Highlights third quarter 2023
Turnover increased by 1.6% to € 458.5 million (Q3 2022: € 451.2 million). Adjusted for acquisitions (+1.4%) and currency effects (-1.3%), turnover increased organically by 1.6%, with price effects accounting for 2.0% of turnover.
Turnover in Smart Manufacturing systems increased strongly, due to the easing of supply-chain constraints, while Smart Vision systems’ and Smart Connectivity systems’ turnover decreased compared to Q3 2022, due to destocking effects.
Added value as a percentage of turnover improved compared to Q3 2022, due to the effect of sales price increases over several quarters and the easing of supply-chain constraints.
EBITA before one-off income and expenses decreased by 1.7% to € 54.3 million (Q3 2022: € 55.2 million); operating expenses increased due to the hiring of additional personnel in preparation for the ramp-up of the new plants.
Order book remained stable at € 994.4 million (June 30, 2023: € 999.9 million). Continued strong order intake at Smart Manufacturing systems.

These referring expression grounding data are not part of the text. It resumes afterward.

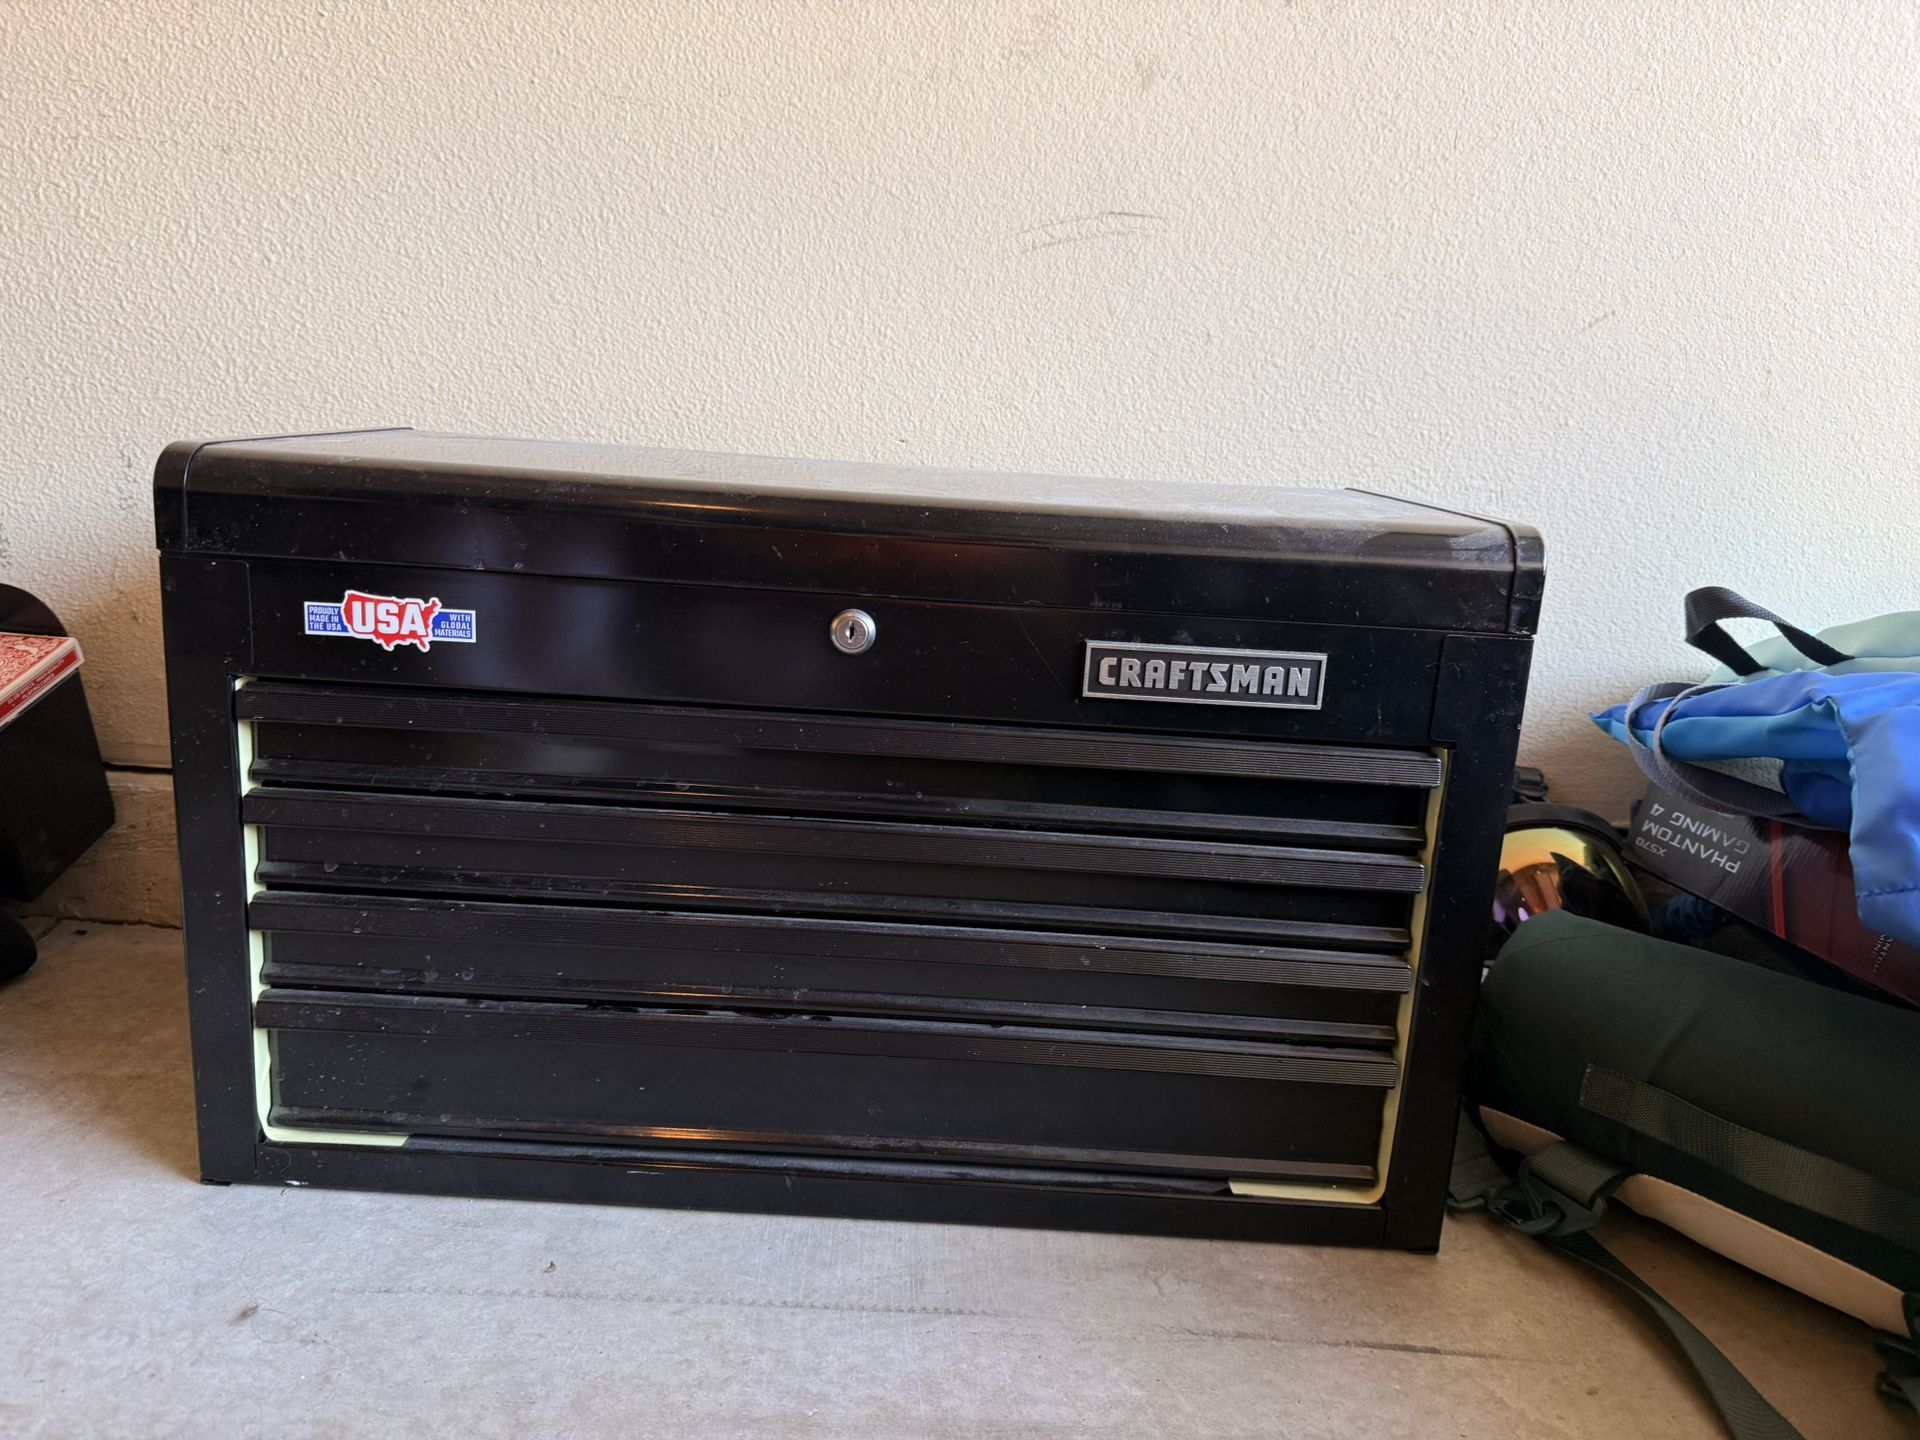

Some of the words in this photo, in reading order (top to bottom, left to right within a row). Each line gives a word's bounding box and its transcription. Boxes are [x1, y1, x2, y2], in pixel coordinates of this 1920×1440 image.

[308, 606, 339, 615] PROUDLY
[309, 614, 330, 623] MADE
[330, 615, 339, 623] IN
[351, 601, 427, 636] USA
[449, 613, 471, 622] WITH
[309, 622, 324, 631] THE
[325, 623, 342, 631] USA
[440, 621, 471, 630] GLOBAL
[434, 628, 471, 638] MATERIALS
[1098, 656, 1311, 696] CRAFTSMAN
[1649, 802, 1664, 817] 4
[1669, 811, 1750, 855] GAMING
[1635, 836, 1667, 857] X570
[1641, 819, 1742, 874] PHANTOM

ROS at 11.8% (Q3 2022: 12.2%).
First nine months 2023
Year-to-date, turnover increased to € 1,406.1 million (+4.1%), with EBITA amounting to € 174.1 million, a 1.9% increase.
ROS for the first nine months of this year reached 12.4% compared to 12.6% in the first nine months of 2022.
Alexander van der Lof, CEO of TKH: “We continued to perform well in the third quarter and made strong strategic progress amidst challenging market circumstances. Smart Manufacturing systems showed an excellent improvement in results as supply-chain constraints eased, while Smart Vision systems and Smart Connectivity systems were impacted by destocking at our customers. We managed to improve our added value to cover cost inflation. During the quarter, we continued to execute on our strategic priorities to drive the ROS towards our 2025 targets. Following the conclusion of the divestment of our cable distribution activities, TKH France, which resulted in a one-off net profit contribution of approximately € 20 million, we initiated our second € 25 million share buyback program this year.
Notwithstanding the challenging market circumstances, our technologies continue to gain traction on the back of the long-term megatrends automation, digitalization and electrification. To capture the opportunities we see in our core business, we expect to accelerate our divestment opportunities in the coming 12 months. This gives us further room to invest in our core technologies, while we will also use the funds for additional share buyback programs. The framework agreement for the single-source supply of inter-array cables for all of Vattenfall’s European windfarms in the coming years, underlines our innovative technological power and shows that we are on the right track with our investments in this exciting segment.”